In recent years, quantitative magnetic resonance imaging (MRI) made progress towards clinical applicability mainly through advances in acceleration techniques. In patients with multiple sclerosis (MS), objective quantitative MRI-based characterization of subtle pathological alterations in lesions, perilesion (PL), as well as normal-appearing (NA) white matter (NAWM) and grey matter (NAGM) would revolutionize clinical assessment. While numerous quantitative techniques have been applied in studies of MS patients, their diagnostic significance especially for individual patients with relatively short disease duration is unclear. Therefore, we investigated the sensitivity of several quantitative MRI parameters to focal and diffuse MS pathology in a clinical feasibility study with a small sample size.

Methods

In 13 MS patients with a mean disease duration of 8 years and a mean EDSS of 1.1 as well as 14 healthy age-matched controls (HC), we acquired nine (semi-)quantitative magnetic resonance (MR) biomarkers, namely myelin water fraction (MWF), magnetization transfer (MT) saturation (MTsat), inhomogeneous MT ratio (ihMTR), quantitative longitudinal relaxation time (qT1), intrinsic (qT2) and effective (qT2*) quantitative transverse relaxation times, proton density (PD), quantitative susceptibility mapping (QSM), and the ratio between T1-weighted and T2-weighted images (T1w/T2w). Four volumes of interest were automatically defined (NA/HC grey matter (GM), NA/HC white matter (WM), lesion, and PL), and biomarker values were analyzed between groups and tissue types.

Results

For all nine assessed biomarkers, mean values per patient were significantly different between lesion, PL, and NAWM (p <  0.05, FDR corrected). The lesion values of qT1, qT2, qT2 * , PD, and QSM were rather inhomogeneous.
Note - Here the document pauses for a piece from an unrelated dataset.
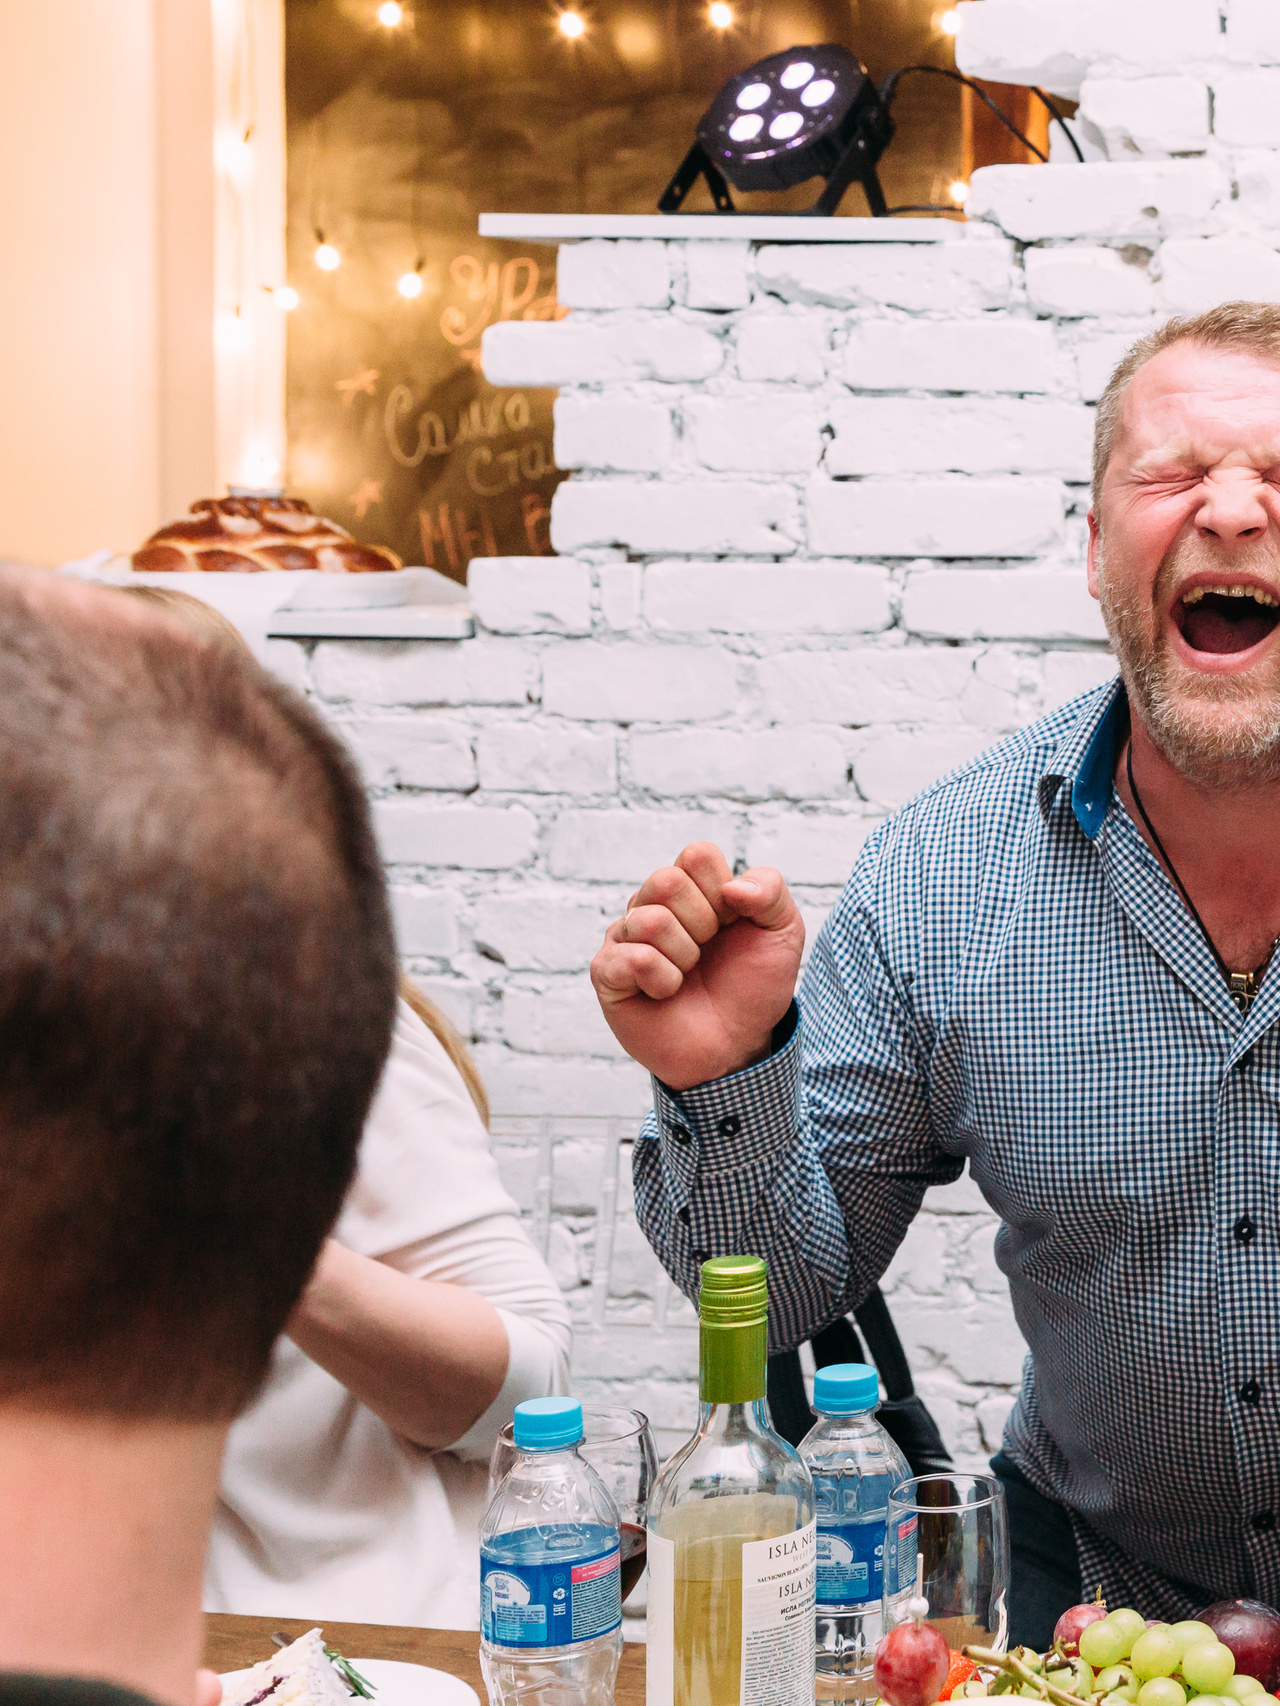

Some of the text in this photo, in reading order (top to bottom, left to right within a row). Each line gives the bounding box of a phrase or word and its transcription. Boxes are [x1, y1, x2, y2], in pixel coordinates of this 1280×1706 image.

[768, 1540, 798, 1560] ISLA
[778, 1580, 803, 1599] ISLA
[780, 1603, 798, 1615] ИСЛА
Furthermore, MWF, MTsat, and ihMTR were sensitive to diffuse WM pathology in MS with the largest absolute differences between NAWM and HCWM medians, albeit not statistically significant after correction for multiple testing.

Discussion

In our study, we successfully compared nine different quantitative MR parameters within the same subjects for tissue characterization of MS. Our study adds relevant aspects to the current debate on different sensitivities of various quantitative MR biomarkers to MS pathology. While all investigated MR biomarkers allowed characterizing lesions in individual patients, a separation of NAWM and HCWM could be most promising with the myelin-sensitive measures MWF, MTsat, and ihMTR.